HPC Wannabe

May 1, 2010
They walked through the courtyard, hair blowing in the wind like they were at a photo shoot, and they managed to keep their hair perfectly in place. They were amazing. Like angels sent from the heavens, they seemed to glide over the ground. Their perfect skin and coordinating outfits made them seem fake, but not at all at the same time. Everybody seems to stop in their tracks to stare at them in awe, but they don’t even notice. They are the HPC, Hannah’s Pretty Committee. They were all about being best friends, shopping, and being popular. They laugh at the girl who just slipped on a banana peel. And I, Luna, was one of them. . . “In your dreams moon girl!” I could imagine the leader, Hannah, yelling at me. No, I wasn’t a HPC; I was the klutz they were laughing at.

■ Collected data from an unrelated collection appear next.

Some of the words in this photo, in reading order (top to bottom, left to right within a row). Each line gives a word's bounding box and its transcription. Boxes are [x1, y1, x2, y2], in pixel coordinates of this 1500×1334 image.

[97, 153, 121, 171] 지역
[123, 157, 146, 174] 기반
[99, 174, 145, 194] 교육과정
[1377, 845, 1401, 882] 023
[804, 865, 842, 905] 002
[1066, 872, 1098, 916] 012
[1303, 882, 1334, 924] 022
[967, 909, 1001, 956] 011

“Luna, are you okay?” my friend Penny asked. Penny was a friend, but she and everybody else know I secretly have always wanted to be a HPC. I don’t think it’s rude to string Penny on like that. . . I’ll make it up to her once I’m popular.
“Yeah, just slipped,” I said. I knew my cheeks were bright red like a tomato and my throat was starting to swell like it does when you are about to cry.

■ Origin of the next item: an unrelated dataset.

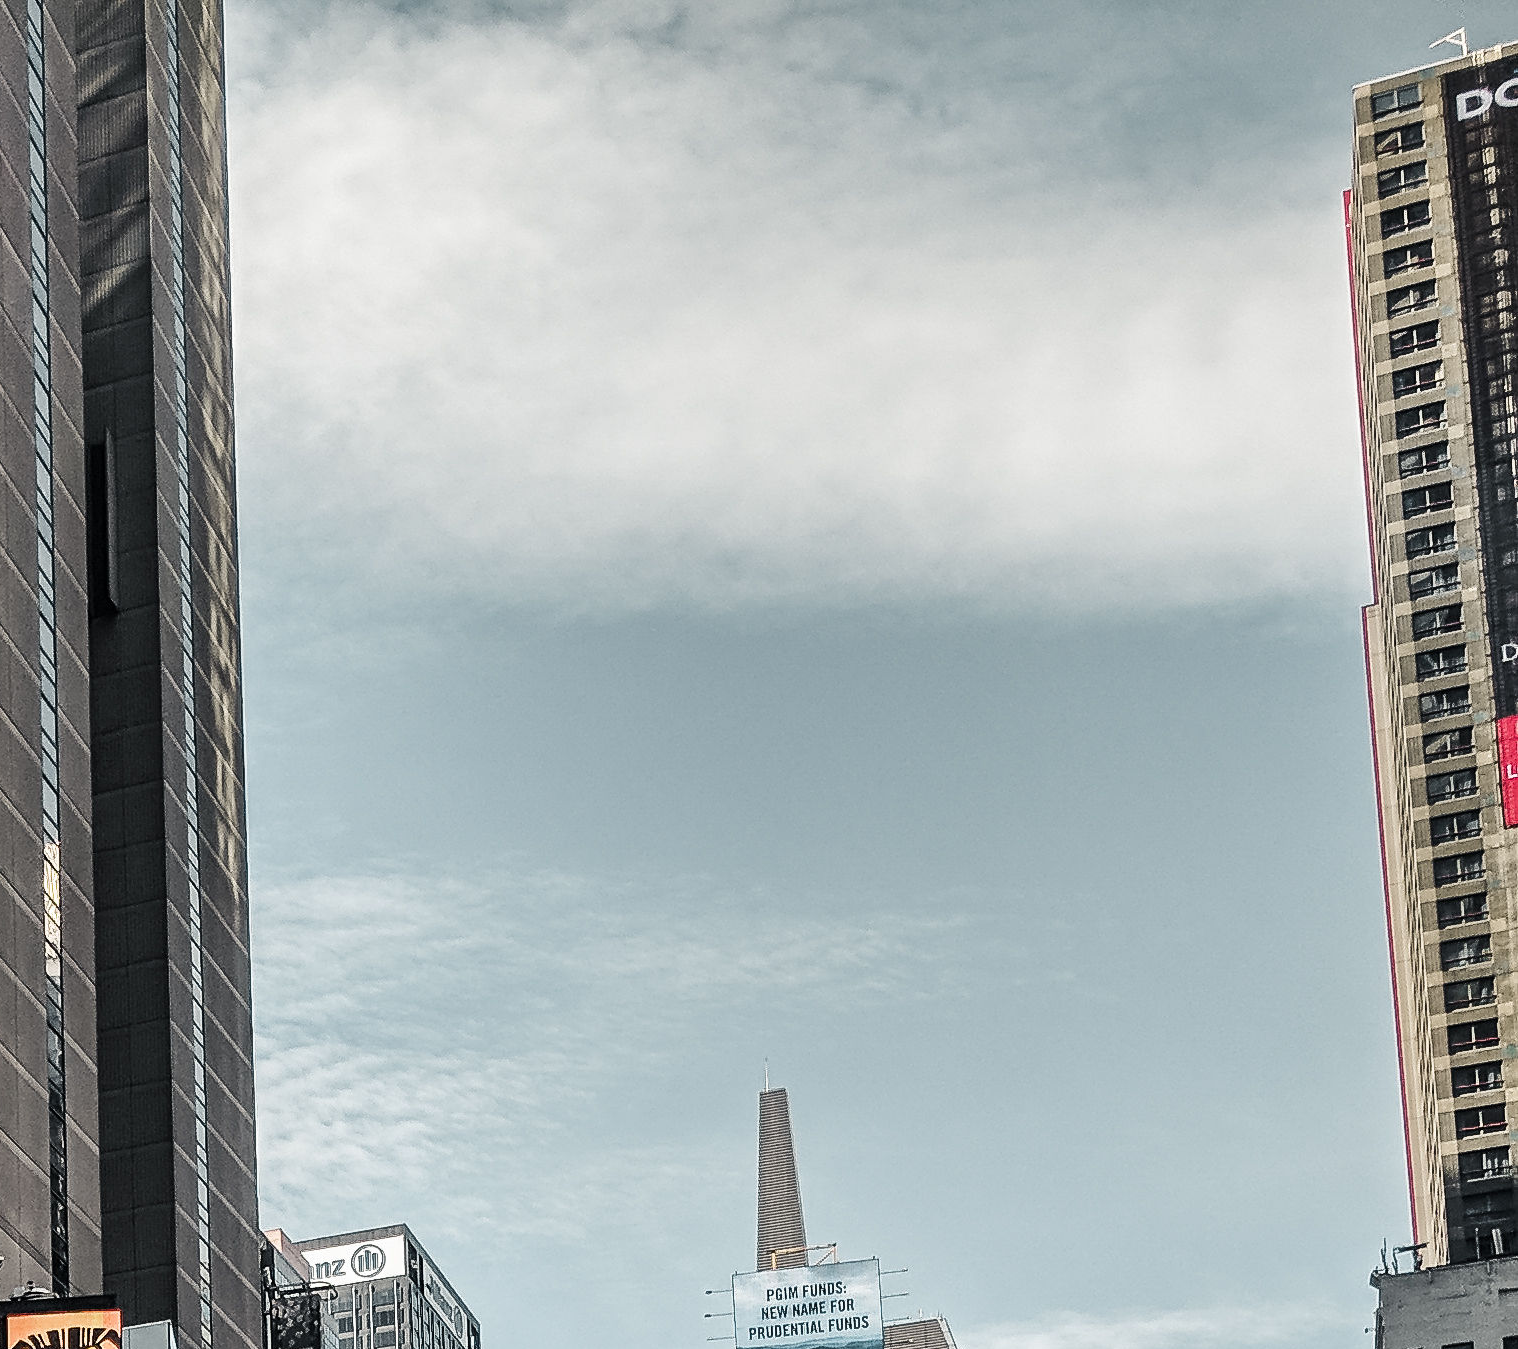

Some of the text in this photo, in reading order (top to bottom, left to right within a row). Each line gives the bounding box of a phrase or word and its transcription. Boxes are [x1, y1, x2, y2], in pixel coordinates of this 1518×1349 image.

“’Kay. Well just so you know, there is water all over your backside,” She almost whispered like nobody else had noticed. And she wanted to keep it that way. “Oh look, there is you mom,” Penny said trying to comfort me. I followed her finger to the Volkswagon van painted black with yellow stars. (It’s the Starry Night). Inside was my mom, her mousy brown hair up in a bun with a pen and that horrid oatmeal cable knit sweater with Levi jeans and her clogs.

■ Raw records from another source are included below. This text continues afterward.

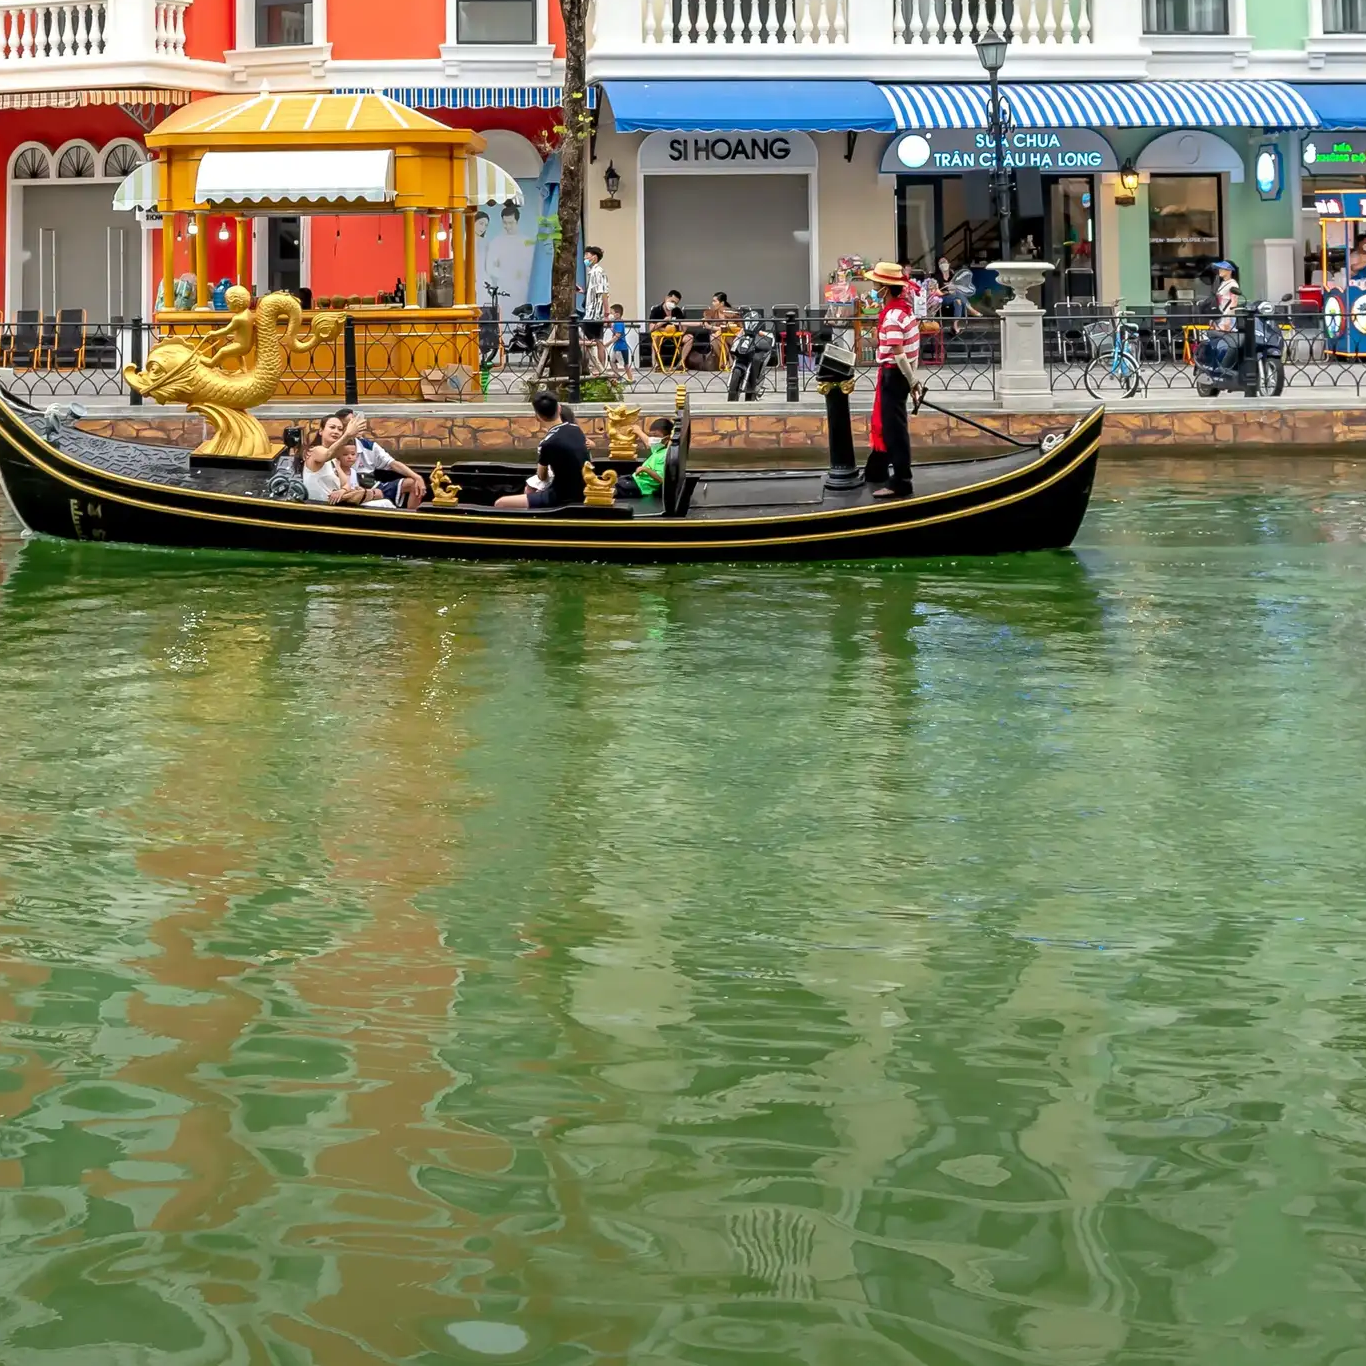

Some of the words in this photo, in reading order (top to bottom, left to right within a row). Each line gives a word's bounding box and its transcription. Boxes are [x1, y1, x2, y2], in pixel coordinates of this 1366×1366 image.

[668, 138, 688, 161] SI
[694, 137, 792, 161] HOANG
[1013, 133, 1060, 148] CHUA
[933, 150, 975, 167] TRÂN
[1030, 152, 1052, 169] HẠ
[1058, 152, 1102, 167] LONG

“Thanks for covering me,” I said as I picked up my bag. “I’ll see you tomorrow, bye!” I said to Penny.
“Bye!” Penny said as I opened the back door to throw my backpack in the van and hopped into the front seat.
“Hi, Luna darling,” my mom said as I slammed the door. “What happened?” she asked, motioning to my soaking wet butt.
“Nothing, just slipped. Can we go home?” I said.
“Sure thing honey,” she said and look at the sky. “Oh look, the moon is out during the day today. You know that means…”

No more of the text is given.